EXTRACTED MATERIAL START

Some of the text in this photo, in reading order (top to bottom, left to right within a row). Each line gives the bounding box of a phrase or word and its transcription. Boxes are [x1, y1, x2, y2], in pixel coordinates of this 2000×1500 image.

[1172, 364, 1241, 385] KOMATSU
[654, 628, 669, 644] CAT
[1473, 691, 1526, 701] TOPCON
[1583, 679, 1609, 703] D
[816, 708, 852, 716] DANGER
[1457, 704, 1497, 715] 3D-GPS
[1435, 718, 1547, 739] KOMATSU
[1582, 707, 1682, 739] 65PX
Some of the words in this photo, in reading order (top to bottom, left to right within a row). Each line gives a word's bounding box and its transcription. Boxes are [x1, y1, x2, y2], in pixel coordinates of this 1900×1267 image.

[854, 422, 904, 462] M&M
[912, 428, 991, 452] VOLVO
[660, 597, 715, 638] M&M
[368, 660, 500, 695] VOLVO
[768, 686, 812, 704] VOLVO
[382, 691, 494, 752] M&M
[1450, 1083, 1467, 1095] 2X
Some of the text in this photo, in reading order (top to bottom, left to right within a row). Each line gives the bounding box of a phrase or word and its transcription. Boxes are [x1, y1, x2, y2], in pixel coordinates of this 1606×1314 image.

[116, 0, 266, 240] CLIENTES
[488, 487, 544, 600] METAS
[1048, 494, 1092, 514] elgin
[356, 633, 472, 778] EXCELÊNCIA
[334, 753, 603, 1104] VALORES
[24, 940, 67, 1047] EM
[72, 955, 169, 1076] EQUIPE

EXTRACTED MATERIAL END

YOUR INSTRUCTIONS >>
The entries above should be copied out exactly, with none left out.

EXERCISE RESPONSE >>
Some of the text in this photo, in reading order (top to bottom, left to right within a row). Each line gives the bounding box of a phrase or word and its transcription. Boxes are [x1, y1, x2, y2], in pixel coordinates of this 2000×1500 image.

[1172, 364, 1241, 385] KOMATSU
[654, 628, 669, 644] CAT
[1473, 691, 1526, 701] TOPCON
[1583, 679, 1609, 703] D
[816, 708, 852, 716] DANGER
[1457, 704, 1497, 715] 3D-GPS
[1435, 718, 1547, 739] KOMATSU
[1582, 707, 1682, 739] 65PX
Some of the words in this photo, in reading order (top to bottom, left to right within a row). Each line gives a word's bounding box and its transcription. Boxes are [x1, y1, x2, y2], in pixel coordinates of this 1900×1267 image.

[854, 422, 904, 462] M&M
[912, 428, 991, 452] VOLVO
[660, 597, 715, 638] M&M
[368, 660, 500, 695] VOLVO
[768, 686, 812, 704] VOLVO
[382, 691, 494, 752] M&M
[1450, 1083, 1467, 1095] 2X
Some of the text in this photo, in reading order (top to bottom, left to right within a row). Each line gives the bounding box of a phrase or word and its transcription. Boxes are [x1, y1, x2, y2], in pixel coordinates of this 1606×1314 image.

[116, 0, 266, 240] CLIENTES
[488, 487, 544, 600] METAS
[1048, 494, 1092, 514] elgin
[356, 633, 472, 778] EXCELÊNCIA
[334, 753, 603, 1104] VALORES
[24, 940, 67, 1047] EM
[72, 955, 169, 1076] EQUIPE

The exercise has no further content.